The county wants banks to rent foreclosed properties in the area. But according to HUDforeclosures.com, there are only 42 foreclosures in all of Lake County and just a meager 13 foreclosures for sale in the fire area that includes Middletown, Hidden Valley Lake and Cobb.
"It's a very small community and it's mostly single family homes, some duplexes and very small amount of apartments," said Mullin. "The rebuilding has just begun. We really don't know how long it's gonna take. But I would say at least about two years; one to two years."
Sadly, almost all apartments were rented before the firestorm.
Danielle Fletcher may be hoping against hope that she'll find something.

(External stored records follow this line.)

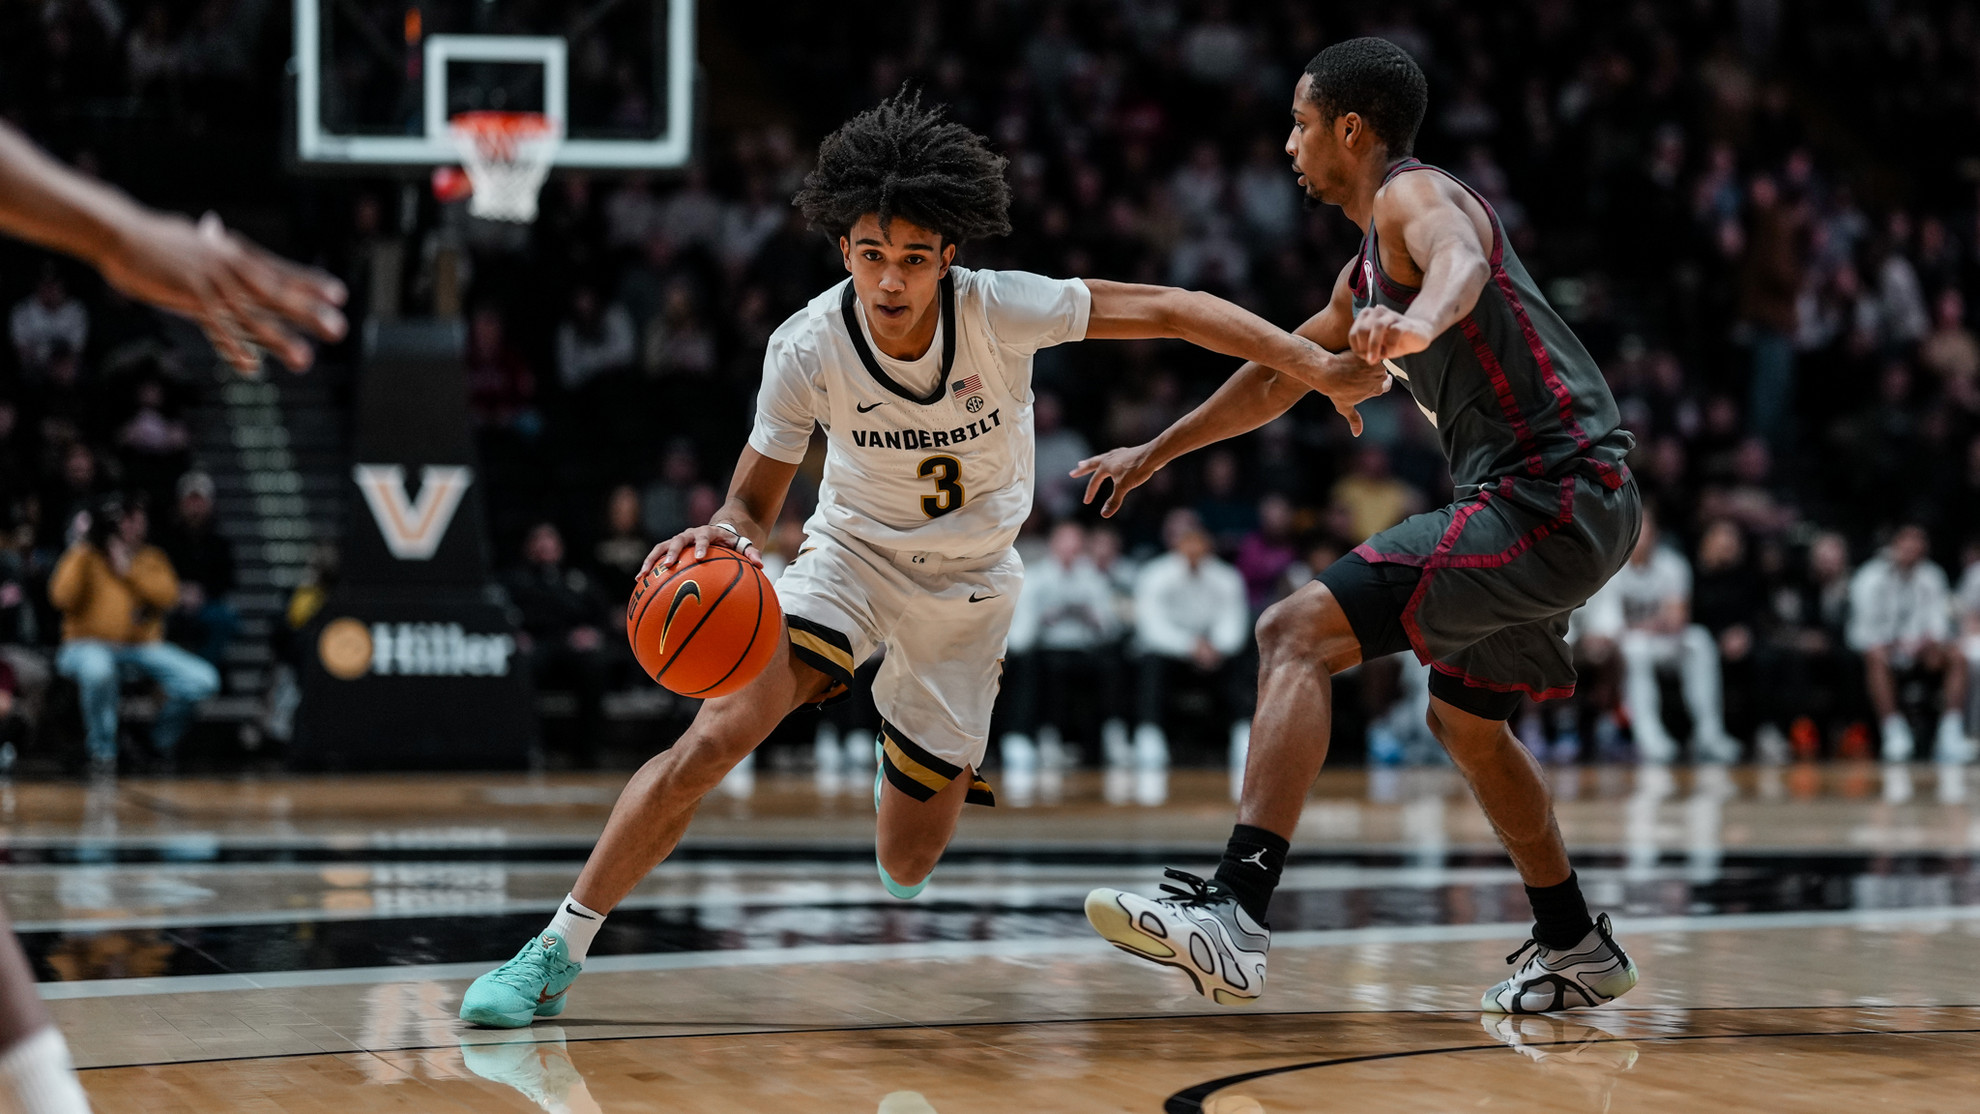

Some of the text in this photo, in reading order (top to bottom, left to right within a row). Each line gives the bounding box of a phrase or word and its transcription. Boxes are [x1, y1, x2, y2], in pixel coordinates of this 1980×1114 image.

[852, 409, 1000, 450] VANDERBILT
[967, 396, 983, 412] SEC
[353, 463, 474, 561] V
[917, 455, 965, 519] 3
[371, 622, 514, 677] Hiller
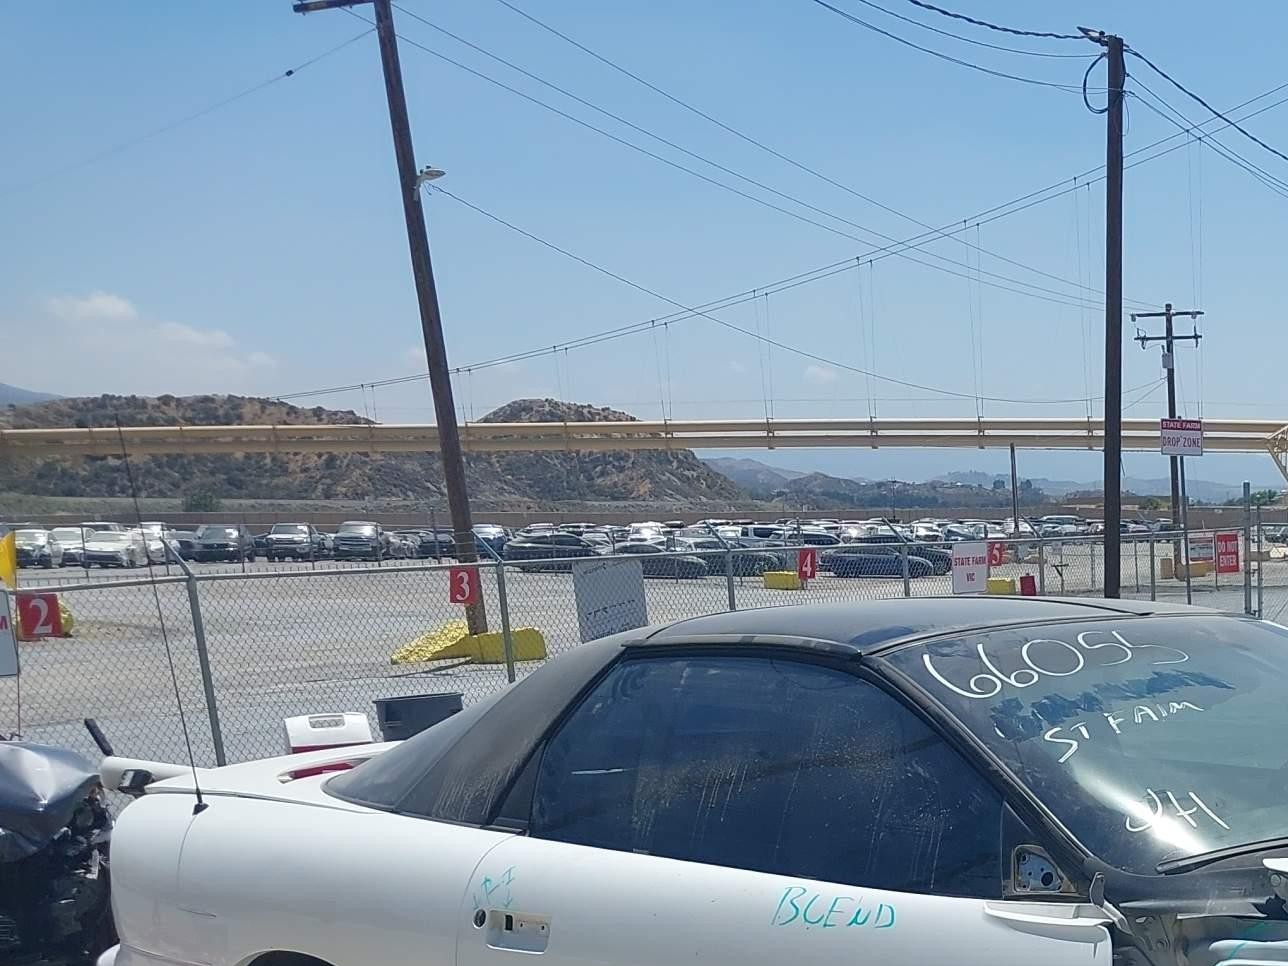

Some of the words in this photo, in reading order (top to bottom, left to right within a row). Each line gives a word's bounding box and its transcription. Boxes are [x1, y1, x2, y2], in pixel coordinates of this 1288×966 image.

[1162, 421, 1181, 429] STATE
[1182, 421, 1200, 430] FARM
[1162, 436, 1180, 447] DROP
[1182, 437, 1201, 448] ZONE
[1217, 541, 1226, 553] DO
[1226, 540, 1238, 553] NOT
[991, 543, 1001, 564] 5
[801, 552, 812, 577] 4
[954, 556, 971, 567] STATE
[972, 555, 987, 566] FARM
[1219, 554, 1237, 567] ENTER
[455, 571, 471, 601] 3
[29, 598, 53, 634] 2
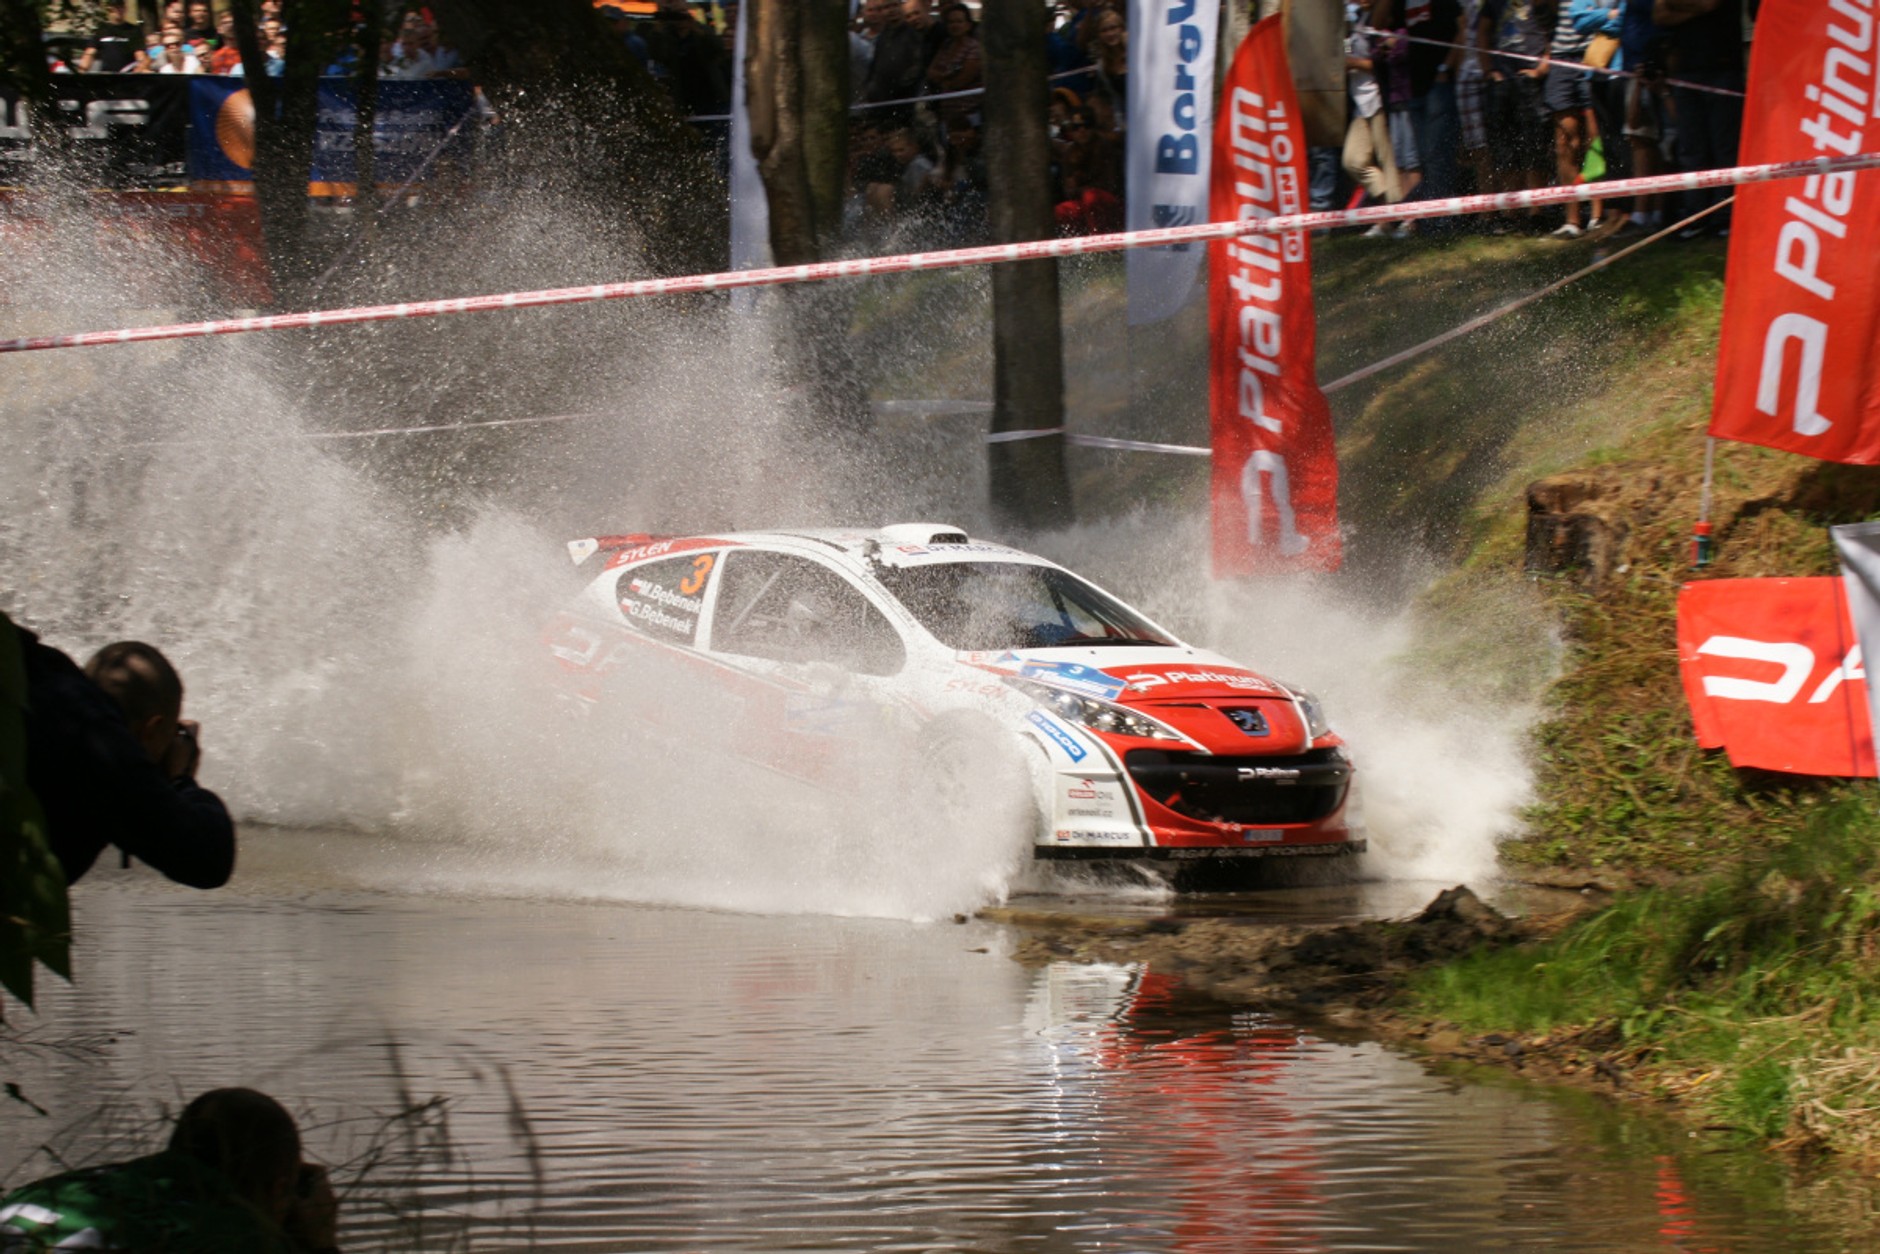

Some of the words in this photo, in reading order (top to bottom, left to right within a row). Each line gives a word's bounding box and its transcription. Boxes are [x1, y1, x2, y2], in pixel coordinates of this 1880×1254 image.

[1267, 101, 1293, 163] OIL
[1774, 0, 1873, 300] Platinu
[1227, 87, 1283, 433] Platinum
[617, 541, 674, 565] SYLEN
[681, 554, 714, 596] 3
[1164, 671, 1267, 687] Platinum
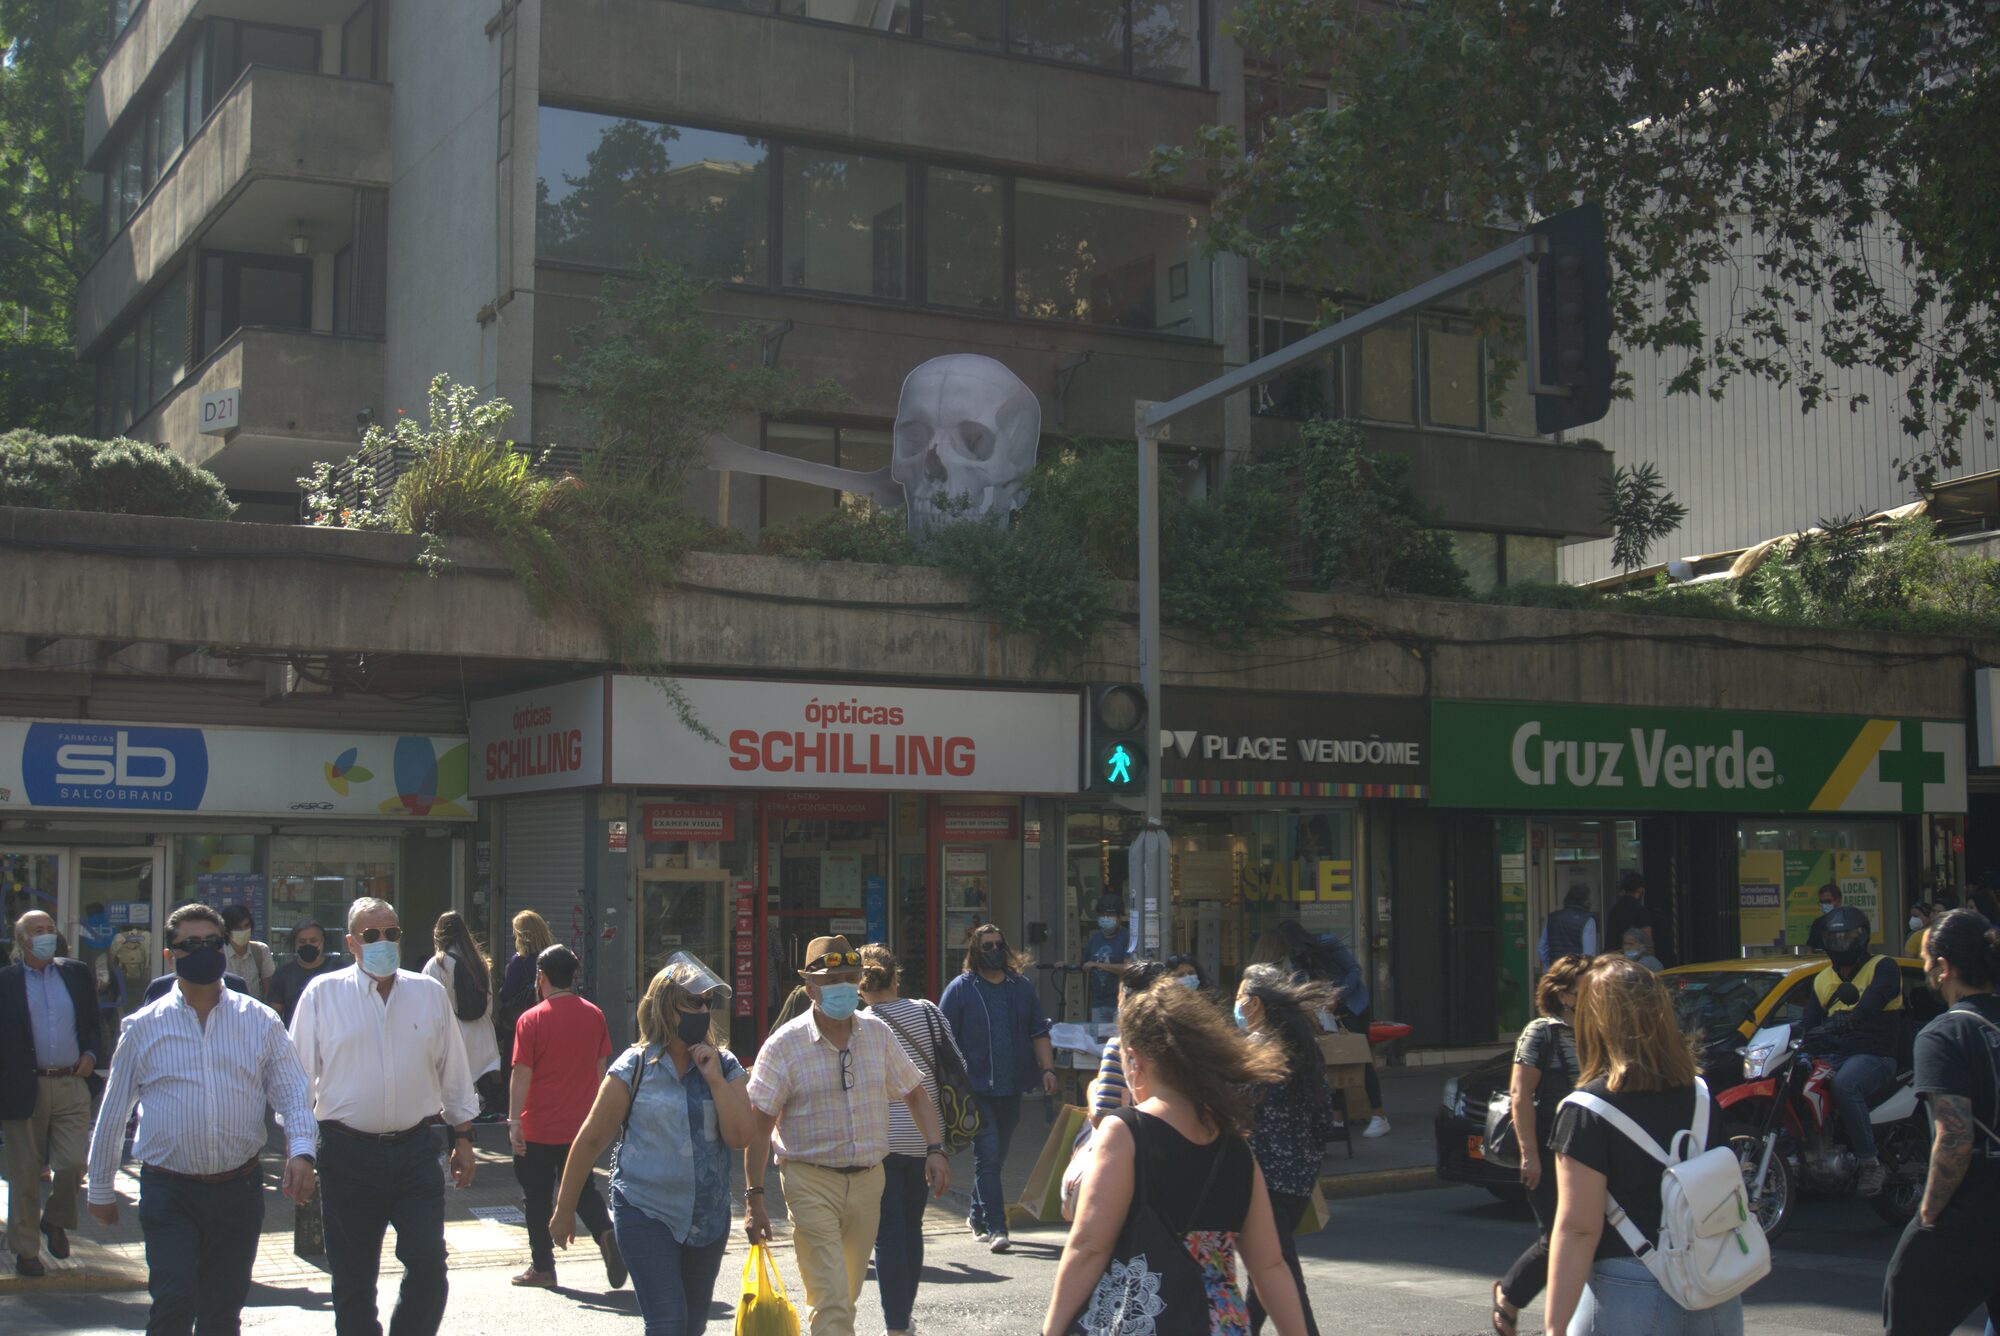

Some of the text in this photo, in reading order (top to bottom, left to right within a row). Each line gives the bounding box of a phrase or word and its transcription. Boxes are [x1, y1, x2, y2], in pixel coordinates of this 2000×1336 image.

[204, 397, 233, 422] D21
[512, 702, 552, 733] ópticas
[805, 697, 904, 728] ópticas
[58, 735, 115, 743] FARMACIAS
[1203, 735, 1287, 761] PLACE
[56, 731, 176, 787] sb
[485, 730, 582, 781] SCHILLING
[728, 729, 976, 777] SCHILLING
[1512, 721, 1776, 790] Cruz Verde
[60, 788, 174, 802] SALCOBRAND
[654, 819, 721, 828] EXAMEN VISUAL
[1244, 860, 1352, 902] SALE
[1842, 882, 1868, 894] LOCAL
[1740, 894, 1779, 906] COLMENA
[1843, 895, 1876, 906] ABIERTO

"I tried planning, there's really, you can plan right now. I'm learning to follow faith a lot more now." said Fletcher.
Fortunately, as folks acquire trailers, large tents or other living spaces, the tidal wave of donations is being move from Calistoga to Lake County so people can set up housekeeping.
Linda Davis is with the Center for Volunteer and Non-Profit Leadership that's heading up that part of the recovery.
"Not only all the stuff that's here, but we also have people who want to give donations of furniture. Everything that's being donated is going to the evacuees and their families. Nothing is being sent anywhere else," said Davis.
Fletcher, who was only left with her dog, will take whatever she can get.
"I'm willing to accept it. Yes, of course I am, for real. I really am. And I hope we have something we can accept." she said.